Estate Planning in a Scary 2024 Landscape


I have small children. As I write this article, Halloween is still a month away, but they're already bouncing off the walls with anticipation—and a little fear. In many ways, estate planning today feels like wandering through a haunted neighborhood—some houses doling out generous tax giveaways, others that make you cringe with lost files.

As you and your clients make the rounds of your estate planning neighborhood, let's tour the five must-visit homes on this thrilling estate planning journey and discuss how to turn potential tax fears into savings. sweet.

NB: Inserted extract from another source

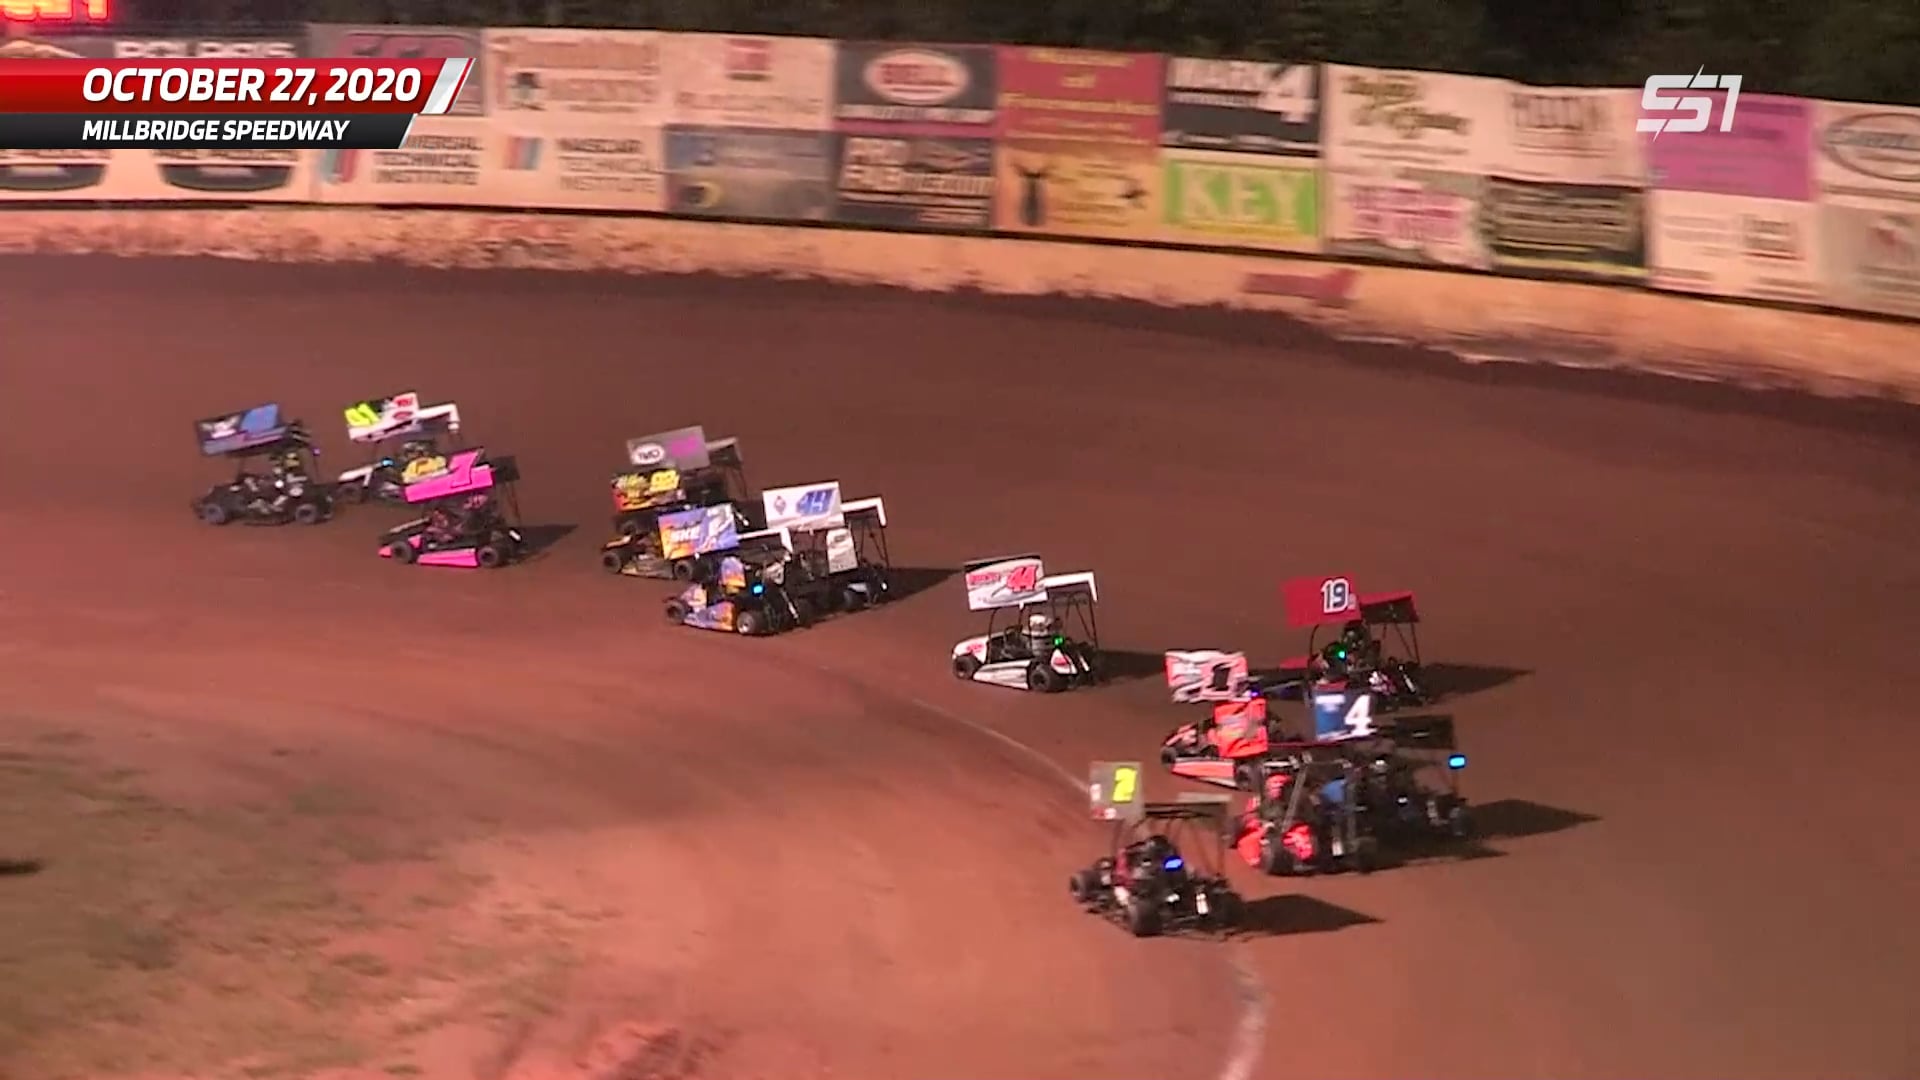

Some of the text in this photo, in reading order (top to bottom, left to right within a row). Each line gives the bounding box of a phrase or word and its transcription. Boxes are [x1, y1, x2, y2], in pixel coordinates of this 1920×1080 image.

[1180, 163, 1308, 232] KEY
[1007, 564, 1039, 593] 44
[1344, 694, 1373, 735] 4
[1112, 767, 1138, 802] 2

Stop 1: Jerry Powell's House: Dealing with rate cuts, gift scams

  • Treatment: Fed rate cuts
    The first house we're stopping at belongs to Jerry Powell, the chairman of the Federal Reserve. The Fed's recent rate cuts are one of the biggest wealth planning “deals” of 2024, providing a great opportunity to act strategically. With lower interest rates, vehicles like grantor-held annuity funds allow families to “lock in” asset values ​​and pass future appreciation to their heirs with minimal tax impact. By locking in these low fees, customers can ensure better financial outcomes for their heirs, much like grabbing a super-sized candy bar early at night.
  • Trick: The Gift Dilemma
    But watch out for the trick! While lower rates make the gift look easy here at the end of 2024, lower rates bring higher asset values. This means the window for closing at lower values before they are subject to gift and estate tax closing fast. It's like grabbing a candy that melts too quickly—if your clients aren't careful, they could be left with a difficult tax mess later.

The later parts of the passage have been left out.